TRY IT
Please repeat the entries exactly as they appear and omit any images.
--- --- ---
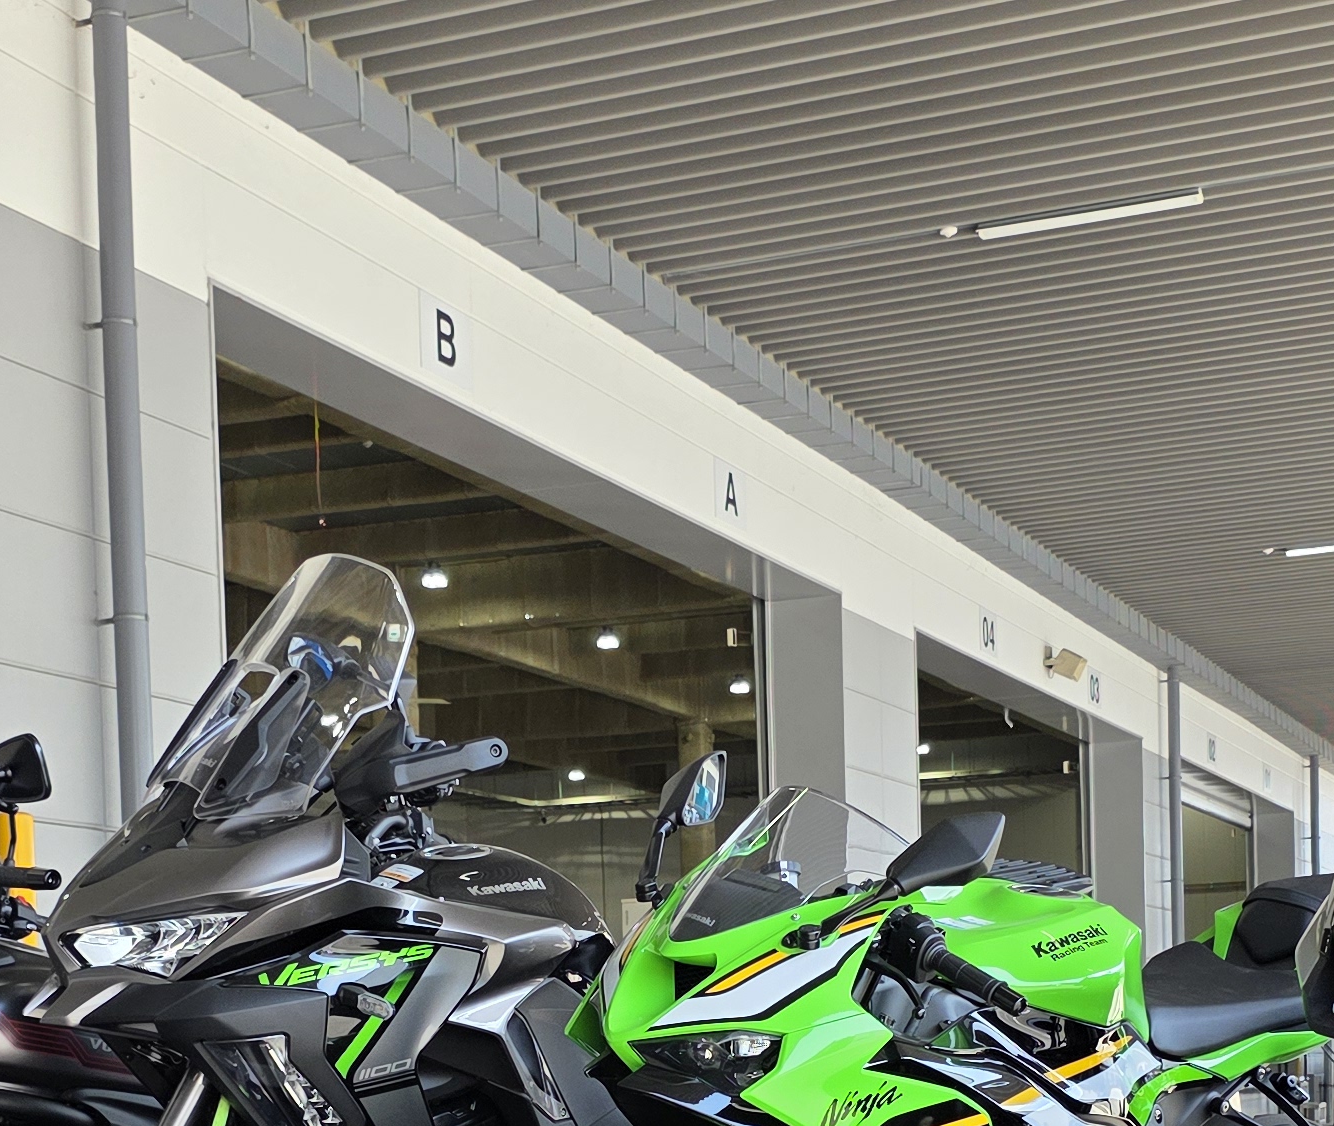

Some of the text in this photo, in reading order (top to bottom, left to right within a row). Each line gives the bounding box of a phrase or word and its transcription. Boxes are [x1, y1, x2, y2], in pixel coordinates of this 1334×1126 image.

[437, 309, 456, 367] B
[724, 472, 739, 517] A
[982, 616, 995, 651] 04
[1089, 674, 1100, 703] 03
[1208, 738, 1216, 762] 02
[467, 877, 547, 896] Kawasaki
[1031, 923, 1108, 958] Kawasaki
[1050, 938, 1108, 961] Racing Team
[258, 944, 435, 986] VERSYS
[359, 1058, 412, 1080] 1100
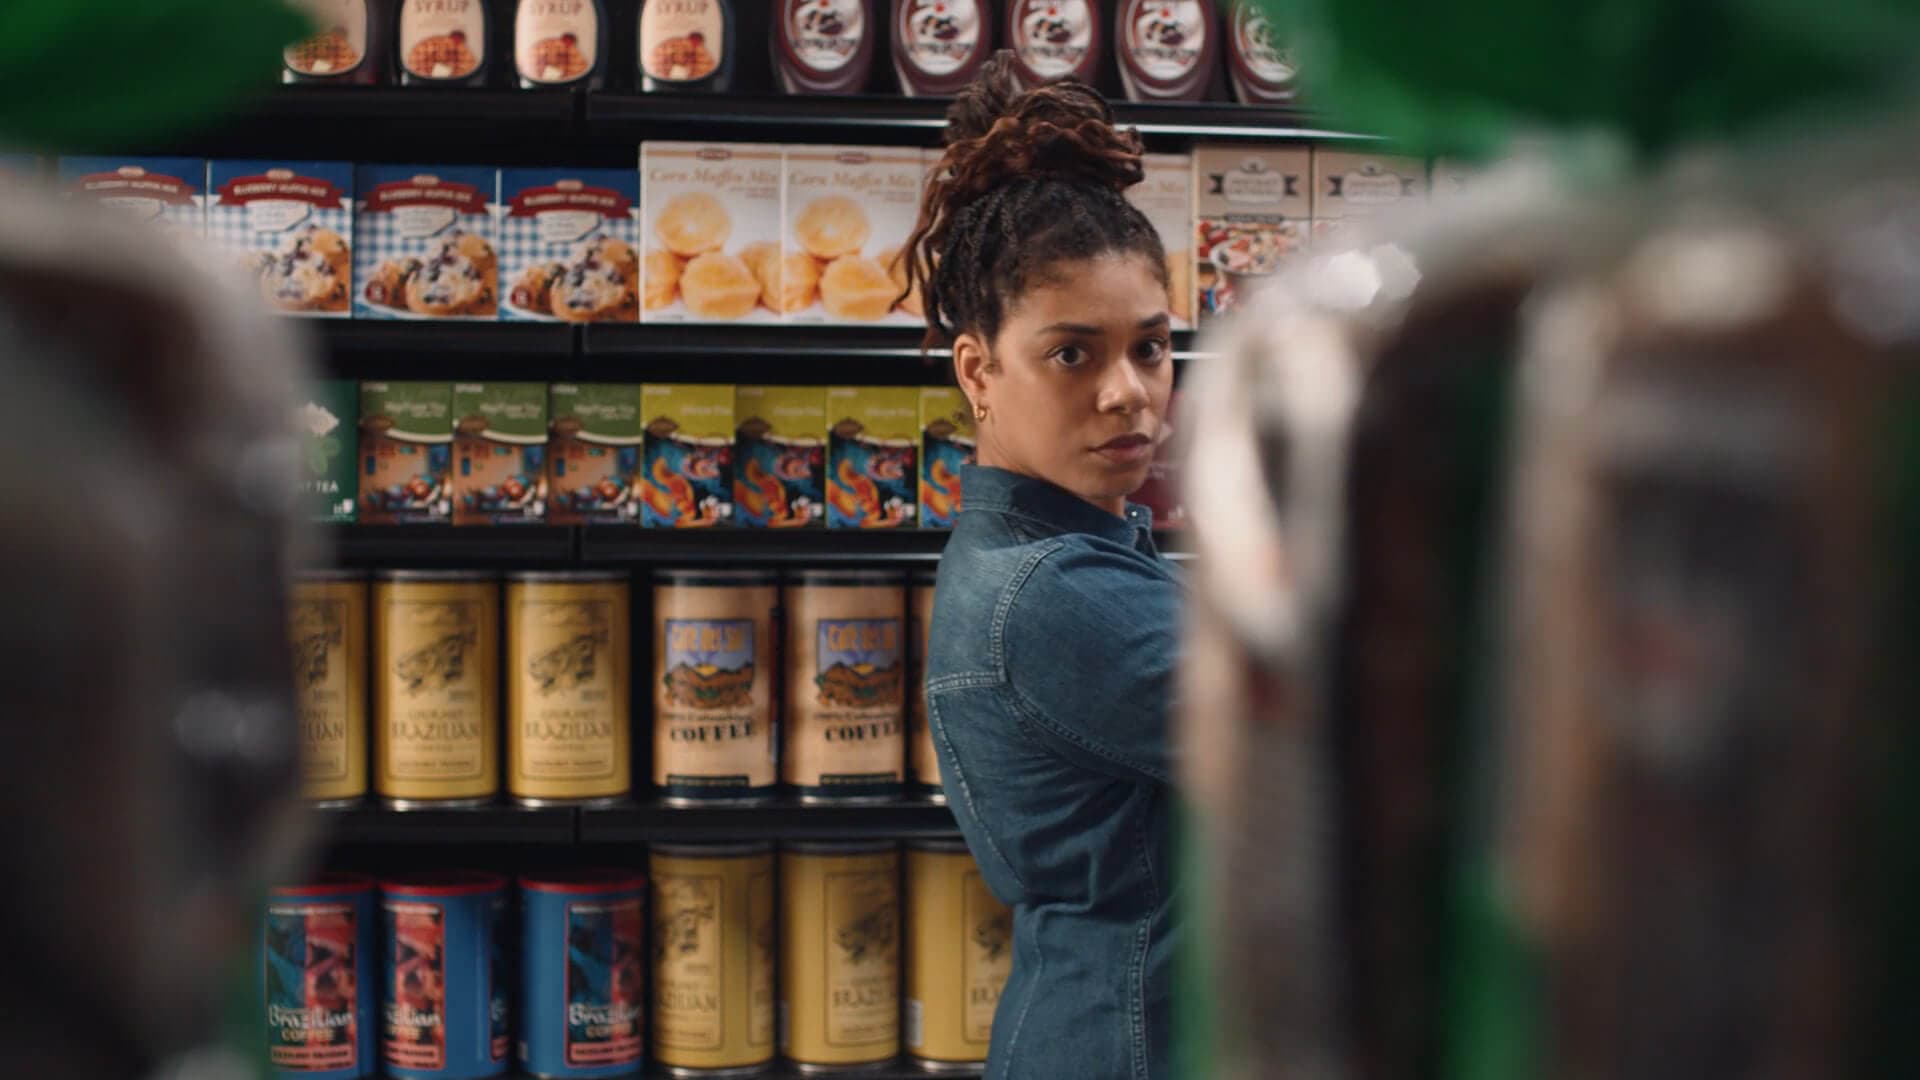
--- --- ---
REPLY TO THE TASK
Some of the text in this photo, in reading order (top to bottom, left to right within a row). Each line gives the bounding box of a phrase or word and its transcription. Boxes are [x1, y1, x2, y2], in pixel coordinates of this 1334×1126 image.

[437, 309, 456, 367] B
[724, 472, 739, 517] A
[982, 616, 995, 651] 04
[1089, 674, 1100, 703] 03
[1208, 738, 1216, 762] 02
[467, 877, 547, 896] Kawasaki
[1031, 923, 1108, 958] Kawasaki
[1050, 938, 1108, 961] Racing Team
[258, 944, 435, 986] VERSYS
[359, 1058, 412, 1080] 1100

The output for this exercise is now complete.